[Data items]
BEGIN
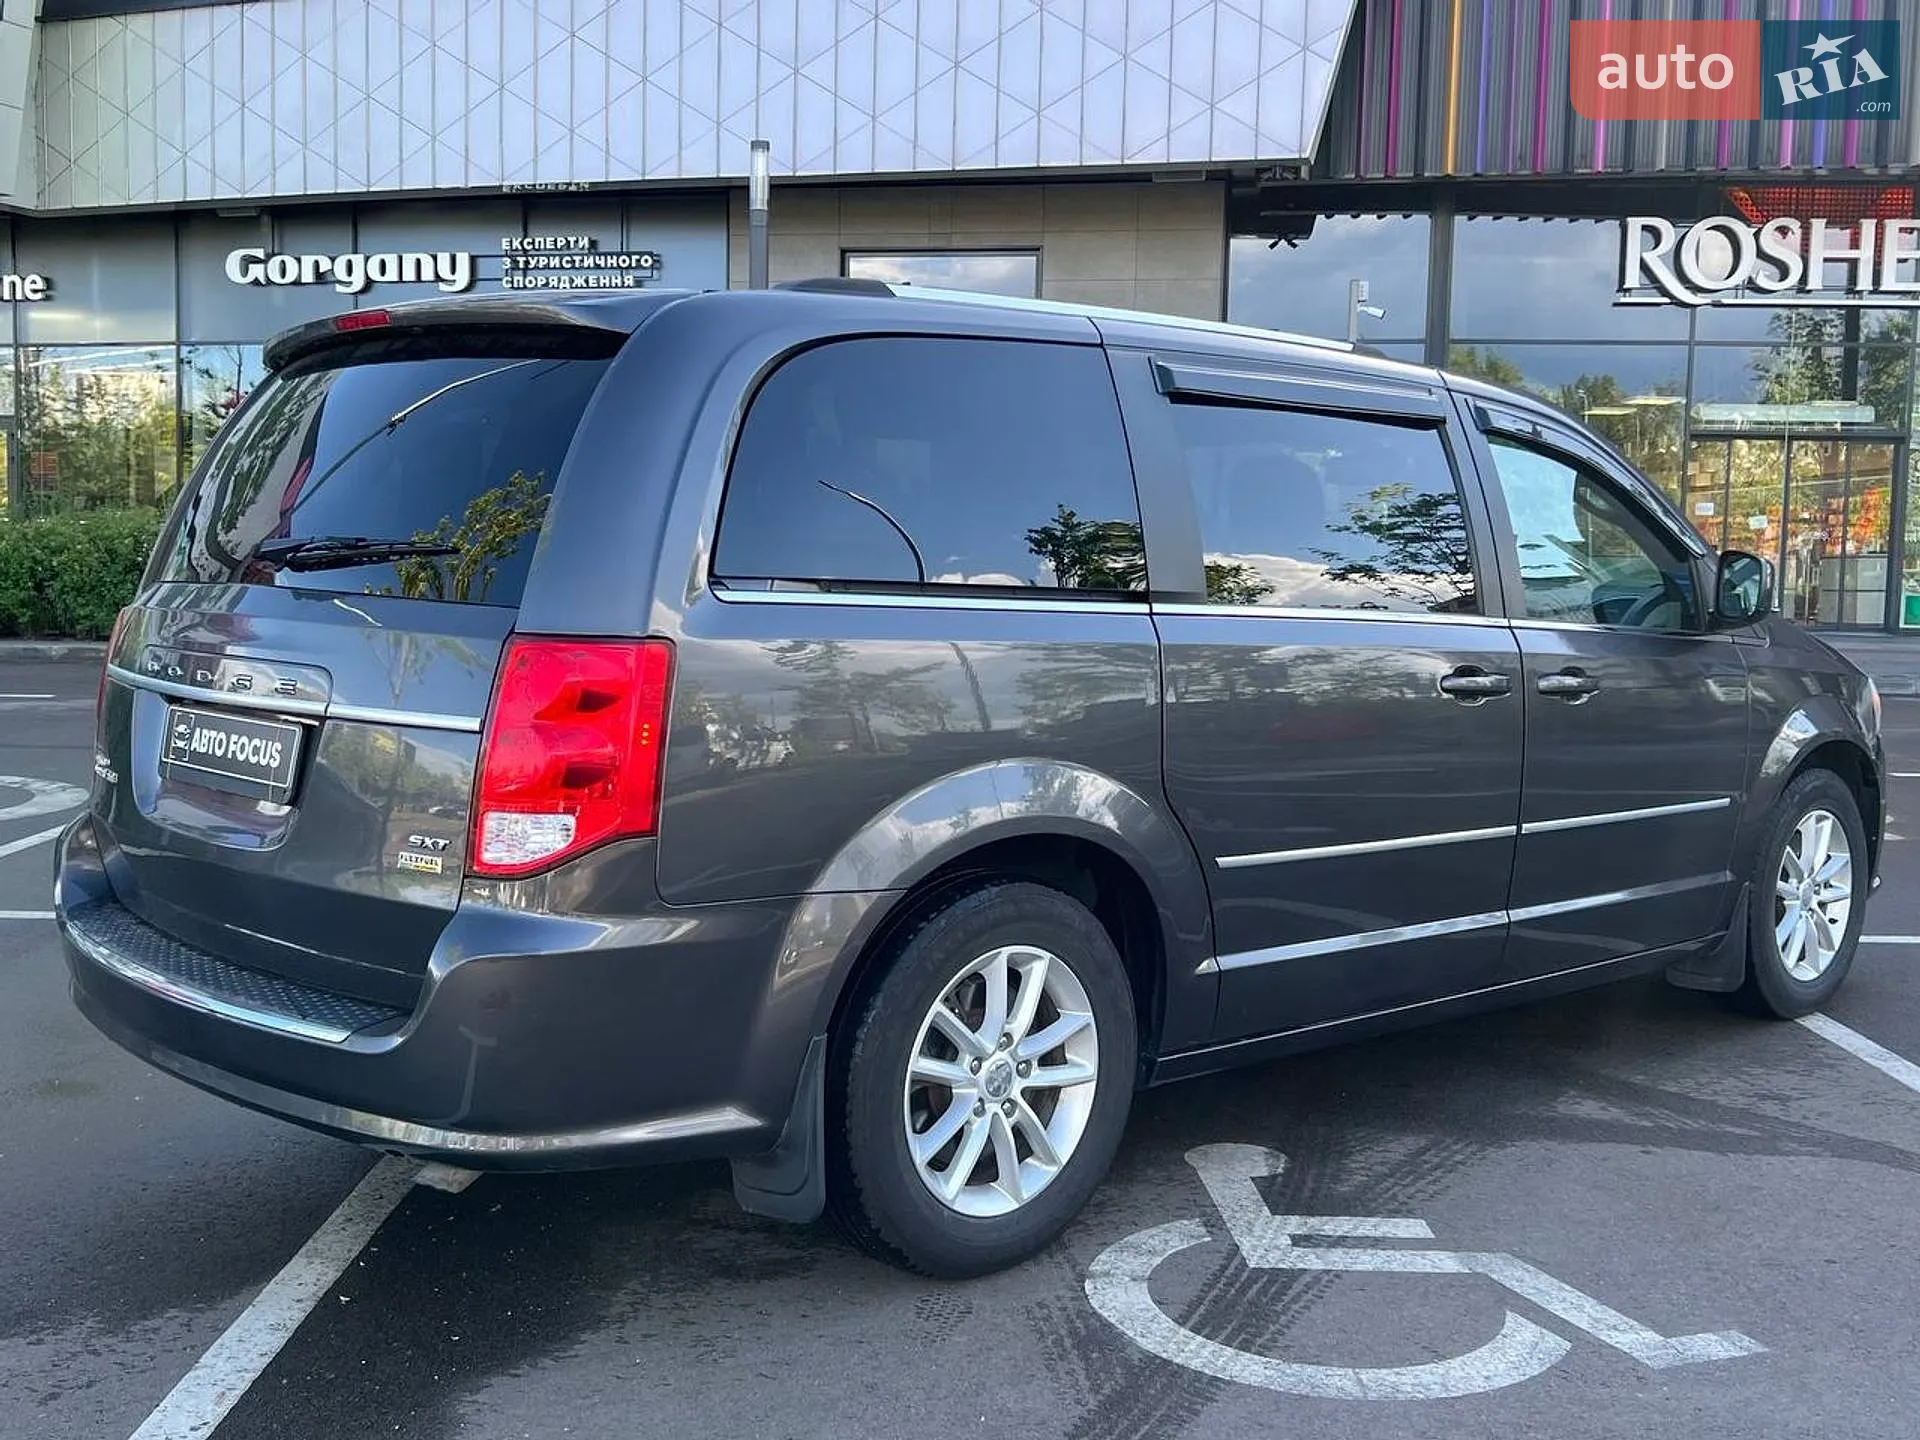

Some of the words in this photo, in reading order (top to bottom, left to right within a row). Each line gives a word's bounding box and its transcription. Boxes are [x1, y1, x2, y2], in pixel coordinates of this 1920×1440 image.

[502, 236, 589, 250] ЕКСПЕРТИ
[225, 248, 471, 293] Gorgany
[516, 255, 653, 269] ТУРИСТИЧНОГО
[1621, 216, 1920, 305] ROSHE
[502, 275, 634, 289] СПОРЯДЖЕННЯ
[147, 659, 298, 696] DODGE
[227, 733, 282, 768] FOCUS
[408, 835, 450, 851] SXT
END
[Work request]: Every record above, copied exactly and without a single picture, makes up the answer.

[Reply to the task]:
Some of the words in this photo, in reading order (top to bottom, left to right within a row). Each line gives a word's bounding box and its transcription. Boxes are [x1, y1, x2, y2], in pixel coordinates of this 1920×1440 image.

[502, 236, 589, 250] ЕКСПЕРТИ
[225, 248, 471, 293] Gorgany
[516, 255, 653, 269] ТУРИСТИЧНОГО
[1621, 216, 1920, 305] ROSHE
[502, 275, 634, 289] СПОРЯДЖЕННЯ
[147, 659, 298, 696] DODGE
[227, 733, 282, 768] FOCUS
[408, 835, 450, 851] SXT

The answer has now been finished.